Prompt engineering is the new model training. We have invested more time in crafting the prompt for our Gemini system than any other part of the codebase. The distinction between a good prompt and a well-constructed prompt was the distinction between arbitrary free-text responses and well-structured JSON with actionable hardware commands. The prompt is the model for multimodal AI. Physical computing humbles you very quickly. Software developers often forget that deterministic execution is a given. Hardware has timing constraints, electrical noise, mechanical tolerances, and failure modes that no amount of well-written code can abstract away. Servo jitter, Bluetooth dropouts, and I2C addressing issues taught us more about systems engineering in one weekend than a semester of lectures. The distinction between a prototype and production codebase is real, and that's perfectly fine. While our cloud-dependent architecture would never be suitable for production use in a traffic safety system (latency, internet dependency, etc., as well as the associated energy costs), that's not the point of the project. The point of the project is to demonstrate that zero-shot multimodal AI can be used to replace traditional detection model training as well as traditional hardware detection solutions to solve the preemption problem. Cross-modal verification was a big part of the project, too. While the IR sensors detected 5 vehicles, Gemini only detected 3, which forced us to think about failure modes, occlusion, etc. While a real-world safety-critical system would need redundancy, we learned a lot by implementing a very simple fusion layer, which gave us a huge appreciation for why AVs use lidar, radar, and cameras together.
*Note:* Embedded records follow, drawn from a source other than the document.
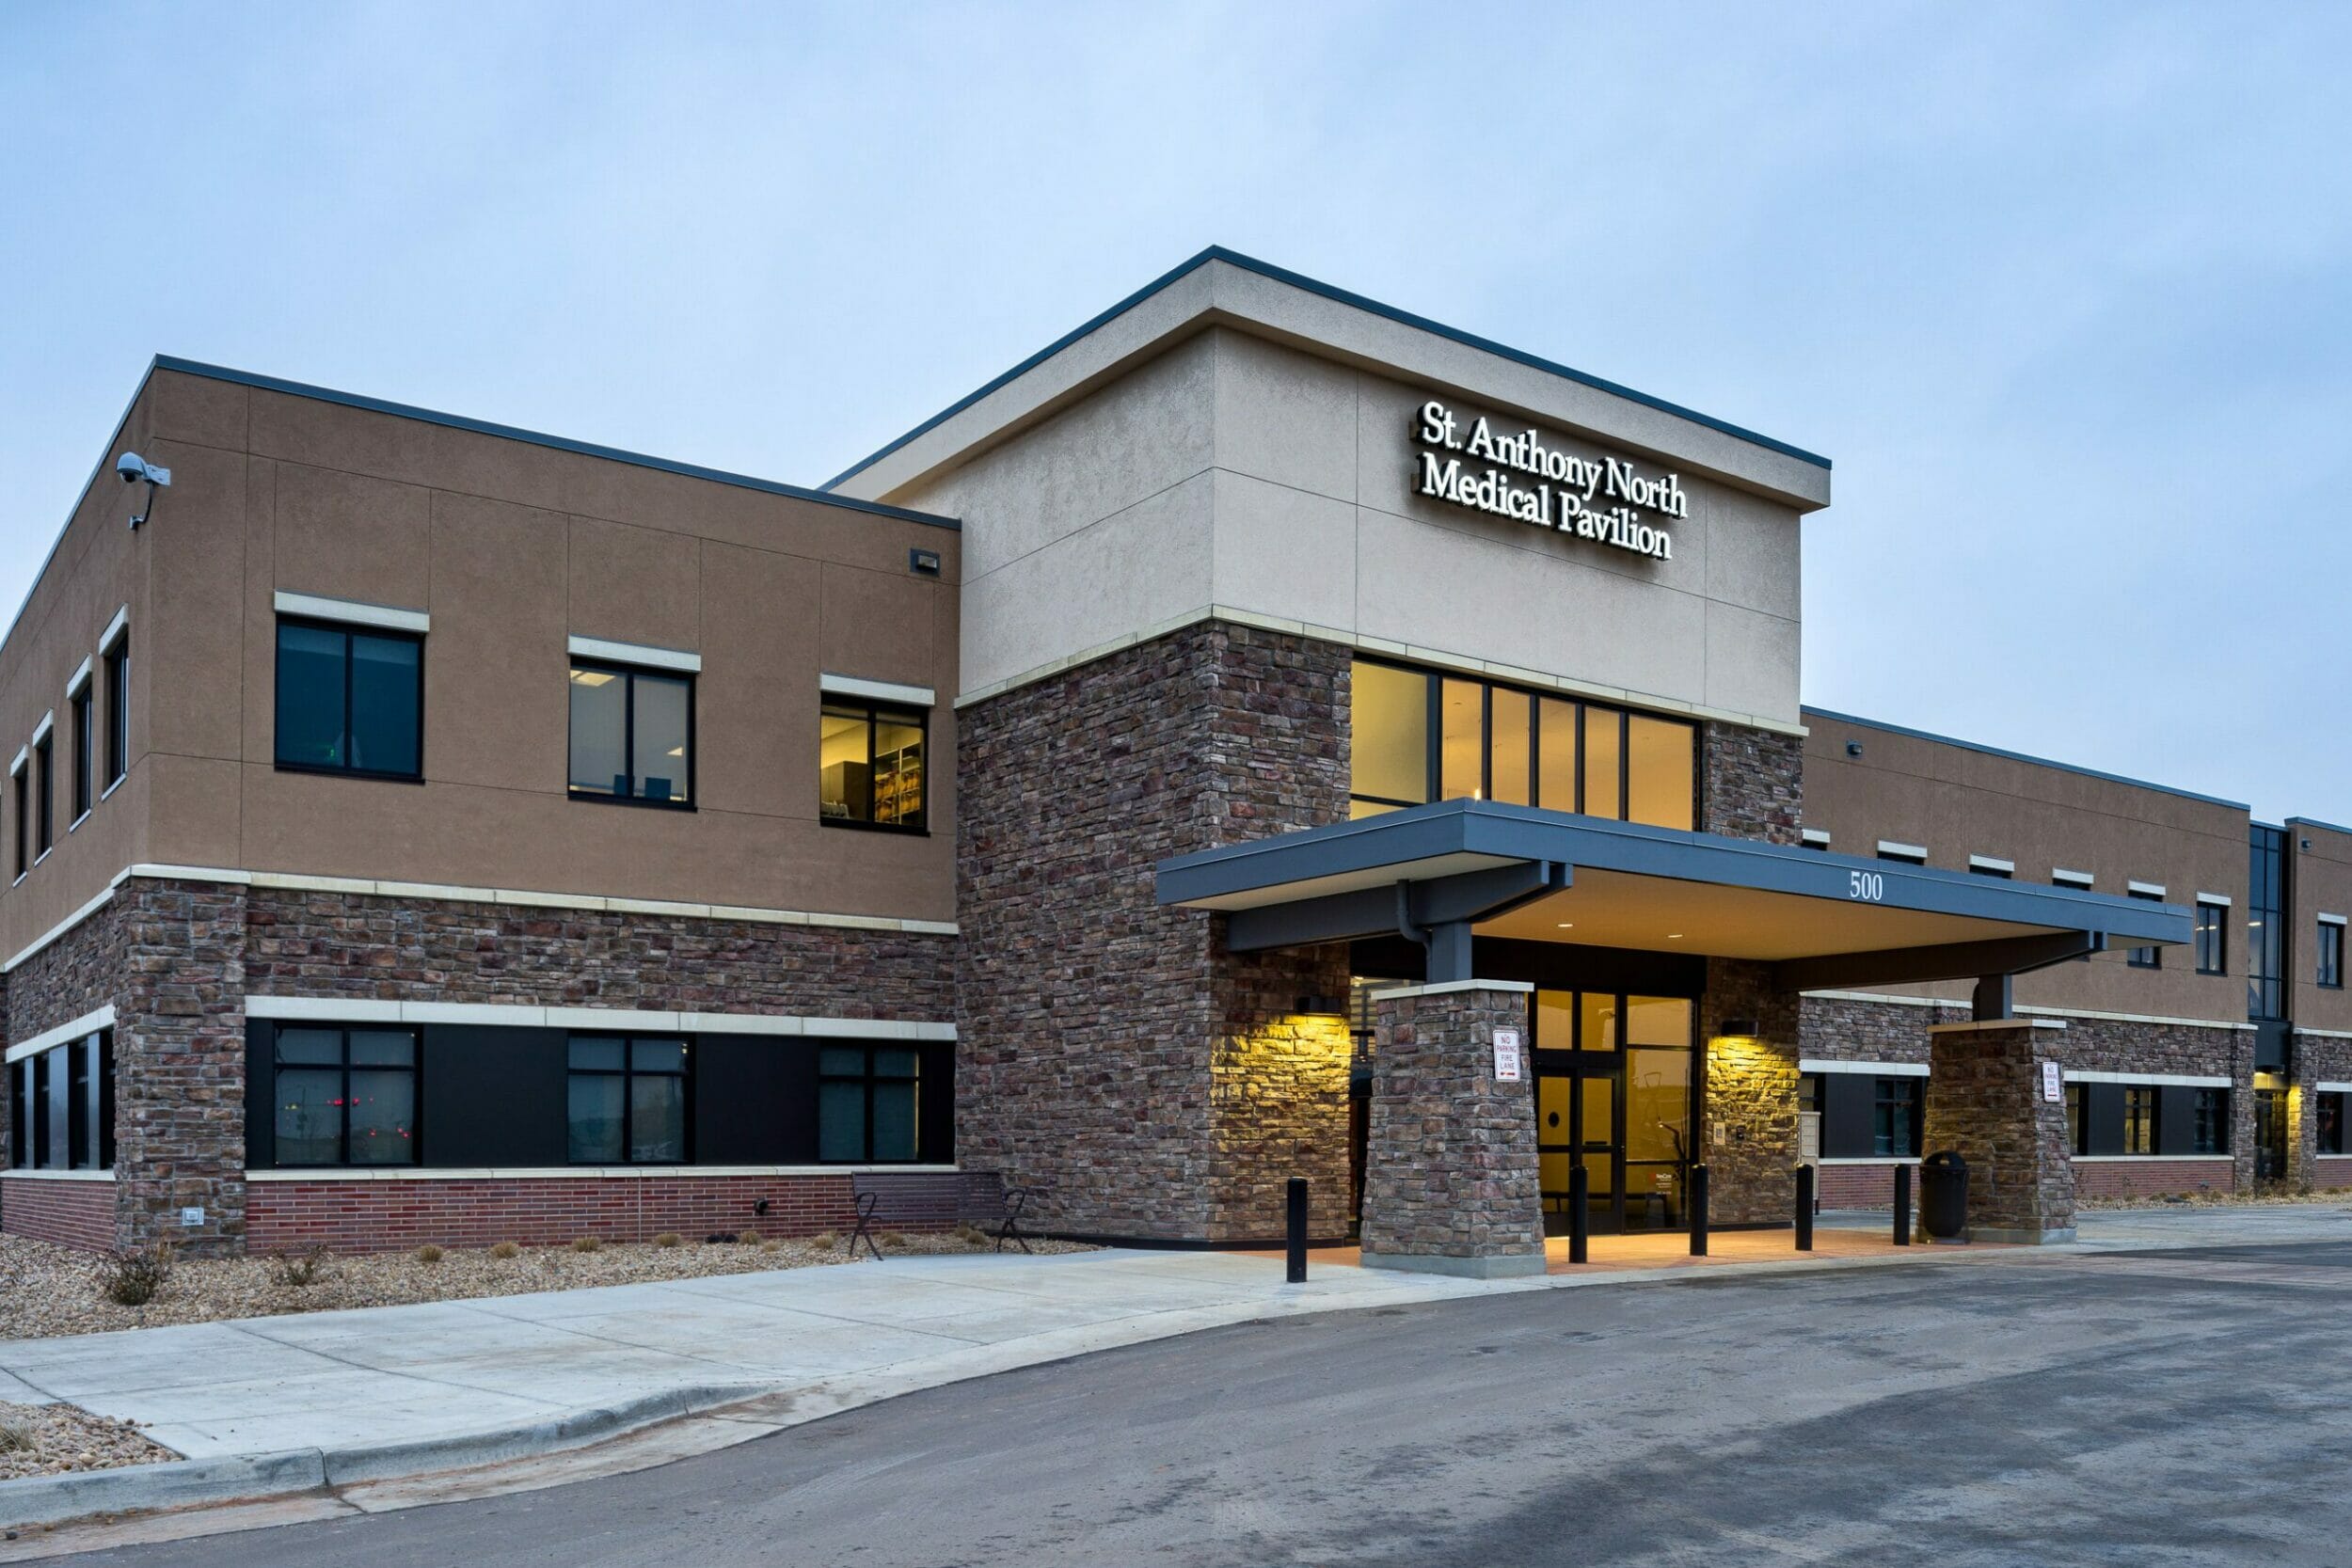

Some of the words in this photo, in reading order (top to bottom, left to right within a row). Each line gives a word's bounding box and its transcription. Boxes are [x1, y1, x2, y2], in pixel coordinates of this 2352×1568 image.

[1422, 401, 1462, 450] St.
[1466, 417, 1602, 501] Anthony
[1600, 456, 1688, 518] North
[1421, 451, 1551, 527] Medical
[1558, 490, 1672, 560] Pavilion
[1850, 871, 1883, 900] 500
[1497, 1045, 1517, 1053] PARKING
[1501, 1036, 1511, 1044] NO
[1501, 1053, 1513, 1062] FIRE
What's next for G.A.N.D.A.L.F.

Edge deployment: The vision pipeline should be migrated from the cloud Gemini API to the locally deployed model (Gemma 3 4B or Qwen2.5-VL 7B), which does not require the internet, thus reducing the latency time from seconds to milliseconds. The cloud API will act as the higher-order coordinator for multiple intersections. Multi-intersection coordination: The GANDALF nodes should be interconnected in a network, such that the upstream intersections send notifications about the arrival of an ambulance to the downstream intersections, thus providing the rolling green wave before the ambulance reaches the intersection. Real traffic validation: The researchers should work with the civil engineering department of the Missouri S&T school to validate the GANDALF performance using the camera feeds of the intersections. Vehicle-to-Everything integration: Vehicle-to-Everything should be integrated as an additional input, not as an alternative, to the computer vision input. This is because not all cars will have transponders, while all cars can be seen by the camera. Open-source release: GANDALF should be released as a turnkey product that any city can deploy with the Raspberry Pi and the webcam, not just the ones that can afford the enterprise version. The objective is that smart traffic infrastructure should not be limited to the ones that can afford it, but should be available for every community.